SUPPLIED MATERIAL Start Marker
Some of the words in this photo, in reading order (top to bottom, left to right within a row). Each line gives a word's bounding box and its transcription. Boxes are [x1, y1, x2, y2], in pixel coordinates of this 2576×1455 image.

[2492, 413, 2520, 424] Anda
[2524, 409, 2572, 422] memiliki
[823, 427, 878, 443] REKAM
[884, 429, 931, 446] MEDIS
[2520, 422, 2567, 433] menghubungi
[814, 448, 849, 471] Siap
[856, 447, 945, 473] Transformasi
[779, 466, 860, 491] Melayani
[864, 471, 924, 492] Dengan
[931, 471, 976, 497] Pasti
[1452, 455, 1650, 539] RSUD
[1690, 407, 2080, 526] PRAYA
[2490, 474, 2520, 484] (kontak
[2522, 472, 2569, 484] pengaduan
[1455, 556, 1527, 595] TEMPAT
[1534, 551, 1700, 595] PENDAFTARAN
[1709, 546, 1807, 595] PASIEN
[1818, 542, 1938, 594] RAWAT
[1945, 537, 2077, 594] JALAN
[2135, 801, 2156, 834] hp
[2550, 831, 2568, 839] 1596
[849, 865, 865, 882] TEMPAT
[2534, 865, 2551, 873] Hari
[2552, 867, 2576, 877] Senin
SUPPLIED MATERIAL End Marker
- [WORK REQUIRED]:
Having read the records above, print them out again exactly.

- [YOUR RESPONSE]:
Some of the words in this photo, in reading order (top to bottom, left to right within a row). Each line gives a word's bounding box and its transcription. Boxes are [x1, y1, x2, y2], in pixel coordinates of this 2576×1455 image.

[2492, 413, 2520, 424] Anda
[2524, 409, 2572, 422] memiliki
[823, 427, 878, 443] REKAM
[884, 429, 931, 446] MEDIS
[2520, 422, 2567, 433] menghubungi
[814, 448, 849, 471] Siap
[856, 447, 945, 473] Transformasi
[779, 466, 860, 491] Melayani
[864, 471, 924, 492] Dengan
[931, 471, 976, 497] Pasti
[1452, 455, 1650, 539] RSUD
[1690, 407, 2080, 526] PRAYA
[2490, 474, 2520, 484] (kontak
[2522, 472, 2569, 484] pengaduan
[1455, 556, 1527, 595] TEMPAT
[1534, 551, 1700, 595] PENDAFTARAN
[1709, 546, 1807, 595] PASIEN
[1818, 542, 1938, 594] RAWAT
[1945, 537, 2077, 594] JALAN
[2135, 801, 2156, 834] hp
[2550, 831, 2568, 839] 1596
[849, 865, 865, 882] TEMPAT
[2534, 865, 2551, 873] Hari
[2552, 867, 2576, 877] Senin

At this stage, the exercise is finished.